Messer Toyota is even farther down the same street than the library branch is where the knitting group meets. Seeing as how I am very familiar with the local landmarks in the vicinity, I stopped at the Arby’s for a Gyro and curly fries, as any normal person would under the circumstances. I was even on the right side of the street to just swoop right into the drive-through lane.

Just as a cultural side note, Arby’s (We have the meat!) sandwiches come with a choice of sauces: Arby’s sauce, or a sauce which contains (among other things) horseradish, which is called, oddly enough, Horsey Sauce. When you get your food order, they ask you, “Do you want Arby or Horsey with that?” — and then put packets of your choice in the sack with your order. I always go for the Horsey.

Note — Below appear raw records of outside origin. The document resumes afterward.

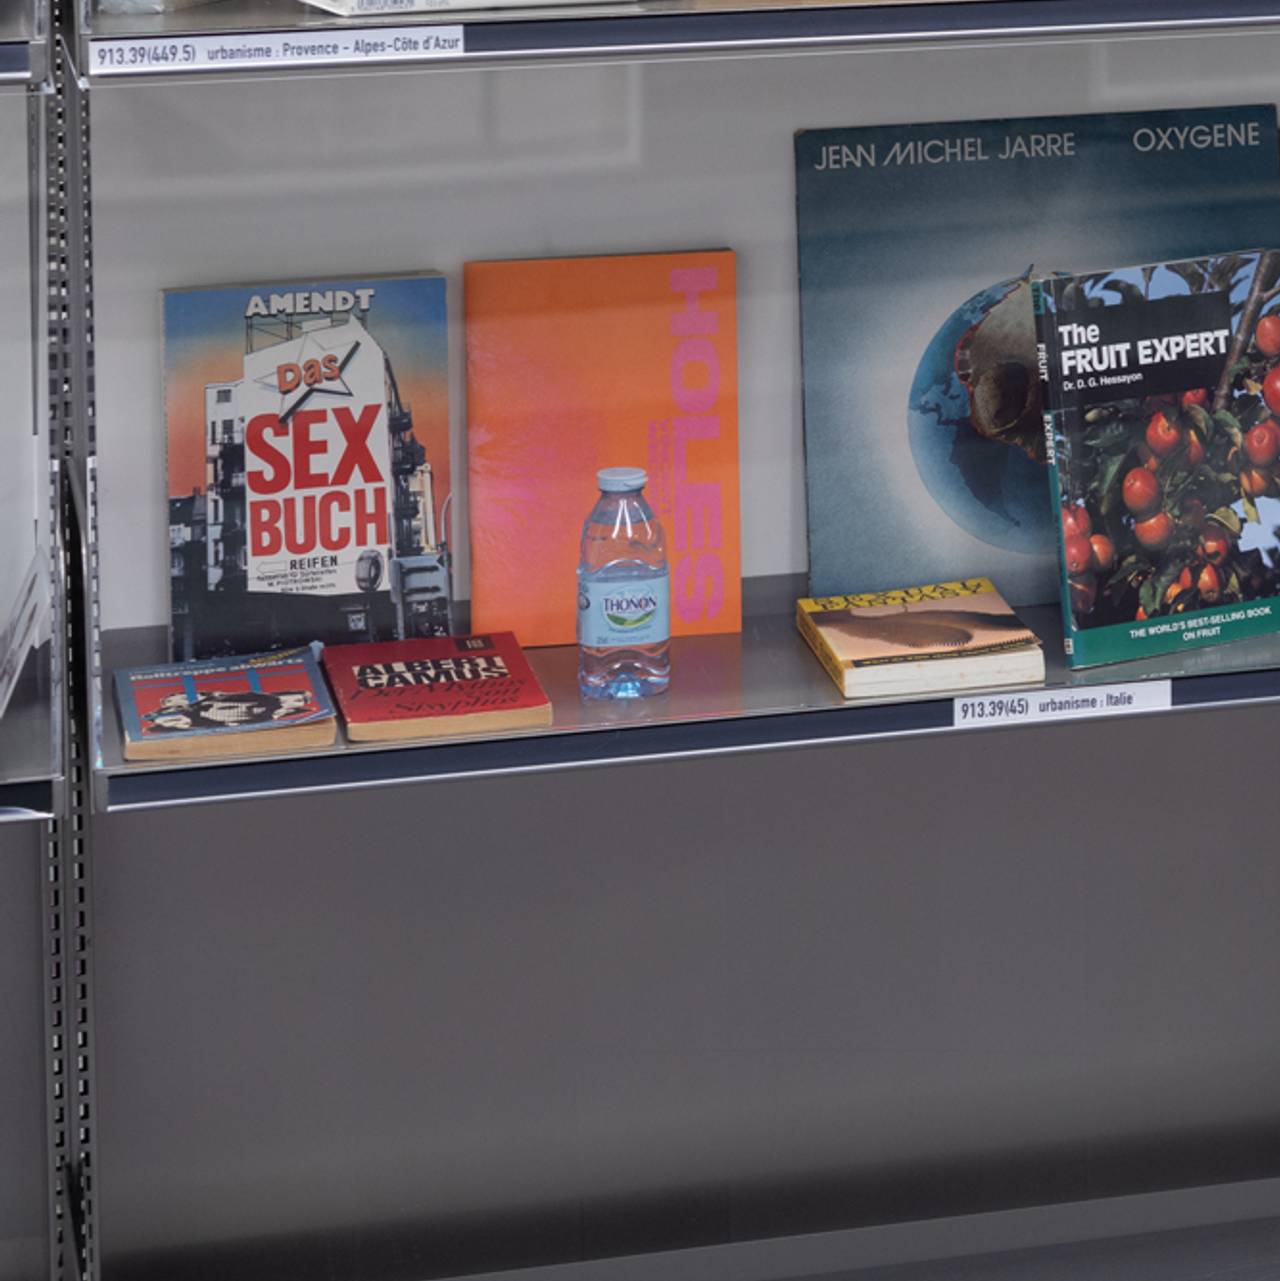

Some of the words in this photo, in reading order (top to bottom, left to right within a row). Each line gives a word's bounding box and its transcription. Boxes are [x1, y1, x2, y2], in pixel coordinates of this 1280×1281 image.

[98, 47, 196, 65] 913.39(449.5)
[208, 45, 271, 60] urbanisme
[282, 40, 338, 57] Provence
[354, 38, 420, 55] Alpes-Côte
[422, 36, 460, 52] d'Azur
[814, 144, 876, 171] JEAN
[882, 138, 990, 166] MICHEL
[997, 132, 1076, 162] JARRE
[1133, 124, 1260, 153] OXYGENE
[244, 289, 375, 317] AMENDT
[1059, 323, 1100, 347] The
[1062, 343, 1130, 376] FRUIT
[1138, 328, 1230, 365] EXPERT
[277, 352, 340, 394] Das
[1064, 380, 1076, 392] Dr.
[1078, 378, 1087, 390] D.
[1088, 376, 1098, 388] G.
[1100, 371, 1143, 389] Hessayon
[1036, 342, 1048, 382] FRUIT
[1044, 413, 1056, 466] EXPERT
[246, 404, 384, 494] SEX
[668, 267, 725, 622] HOLES
[249, 486, 390, 557] BUCH
[290, 556, 338, 570] REIFEN
[604, 596, 656, 612] THONON
[1130, 627, 1146, 640] THE
[1148, 621, 1186, 638] WORLD'S
[1186, 612, 1246, 631] BEST-SELLING
[1248, 606, 1272, 620] BOOK
[1182, 631, 1195, 642] ON
[1197, 626, 1221, 640] FRUIT
[356, 656, 503, 678] ALBERT
[358, 666, 511, 690] CAMUS
[961, 698, 1028, 719] 913.39(45)
[1038, 696, 1098, 712] urbanisme
[1106, 692, 1134, 706] Italie

At the end of March, the maintenance guy reset one of the grab bars in the bathroom because it was coming loose from the wall. A couple of weeks ago, a different guy came to plaster the holes in the wall from where the grab bar used to be. He was supposed to come back and paint the wall after the plaster dried, but never showed. Today, as I was coming up the hall, my Arby’s goodies clutched in my little hot hand, there was a painter at the end of the wal. He was touching up the paint on my door frame and on my door. It was the same guy who was supposed to paint the bathroom. He said he hadn’t come back to paint the bathroom wall because he’d been in the hospital. He’s coming back to paint the bathroom wall tomorrow. Fingers crossed.

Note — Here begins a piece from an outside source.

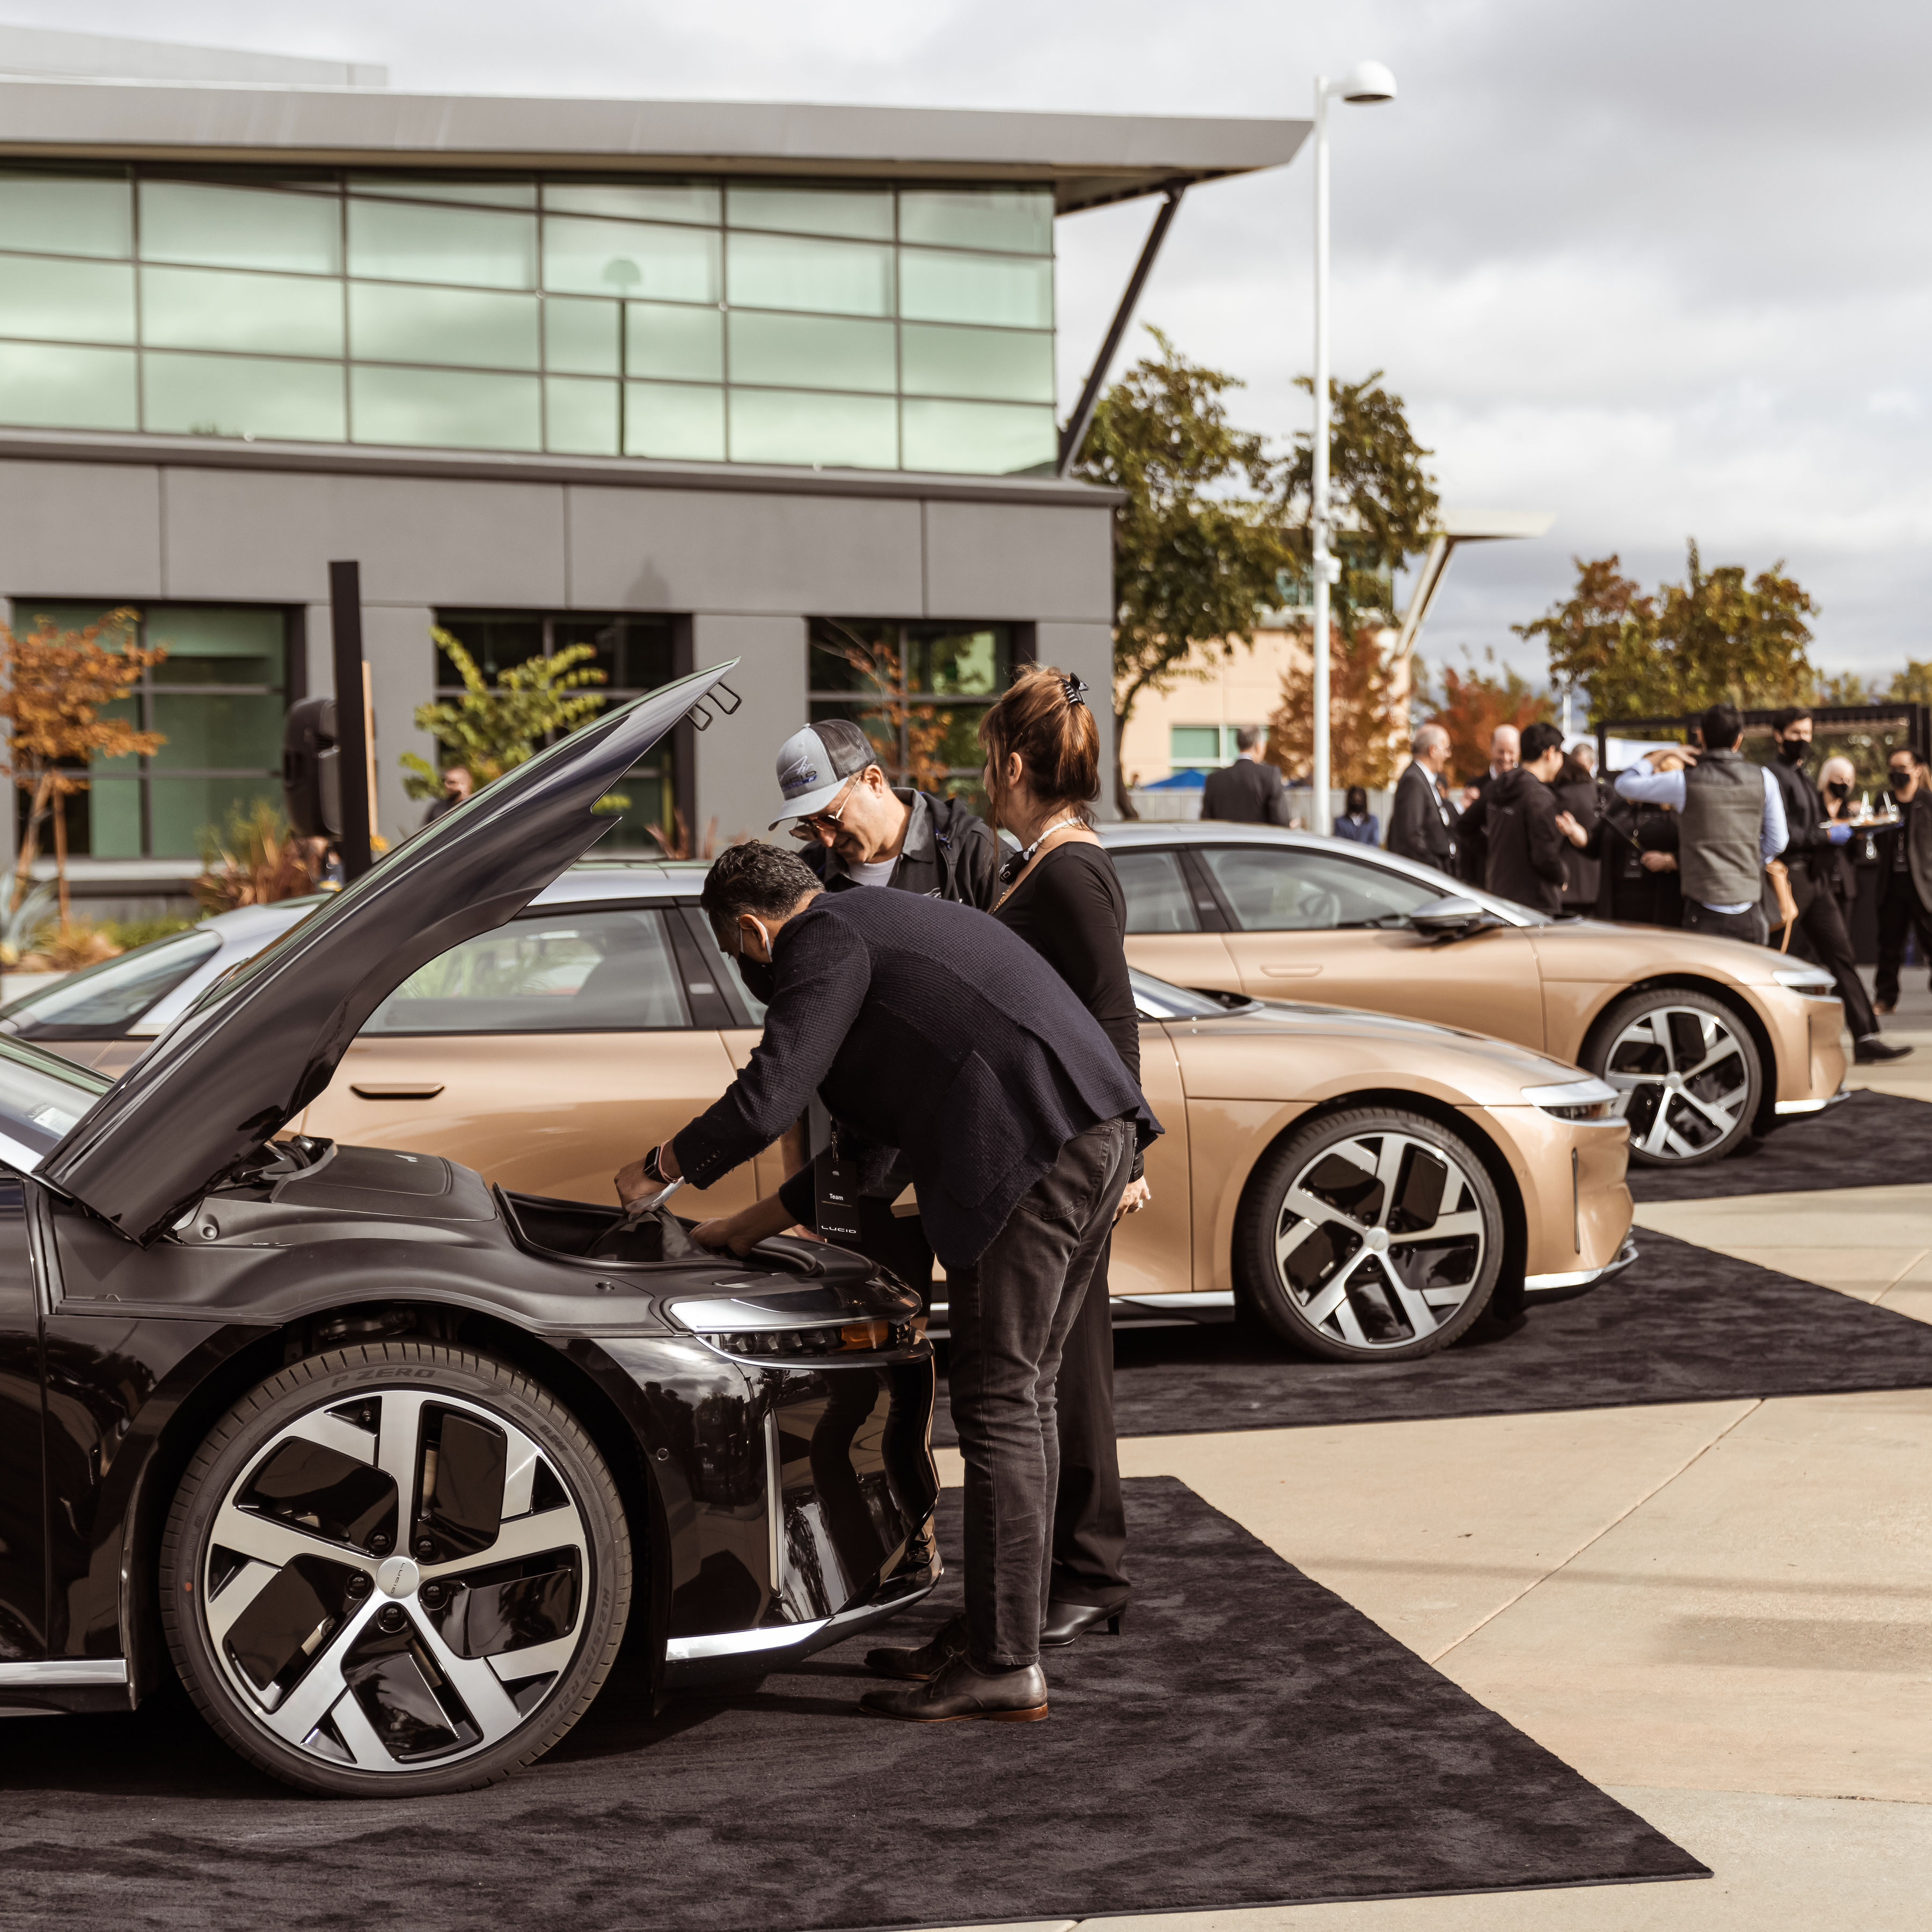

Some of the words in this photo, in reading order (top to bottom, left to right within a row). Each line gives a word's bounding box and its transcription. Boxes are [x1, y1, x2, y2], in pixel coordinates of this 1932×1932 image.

[821, 1225, 857, 1234] LUCID
[331, 1375, 349, 1388] P
[355, 1368, 436, 1381] ZERO
[391, 1563, 405, 1593] LUCID

Homonyms are two words pronounced the same, but which are spelled differently and have different meanings, like “meet” and “meat.” I have long noticed that, even though I know which is which, as I’m typing along, now and again, I would type the wrong one. I’d meat friends who would introduce me to there friends, etc. In rereading the previous paragraph I noted that the guy had come to plaster the wholes in the wall . . . I’ve noticed this has been happening more and more frequently of late. Chemo brain strikes again.

Well, I’ve eaten my Gyro (brought to us by Greek immigrants, and pronounced “Hero”) and my curly fries. Now I’m going to kick back and watch some Philomena Cunk videos from the BBC. Her malapropisms and ‘splanations are just brilliant. Some of her topical humor sails right by me because I don’t have the cultural context to “get” it, but the rest of it is hilarious.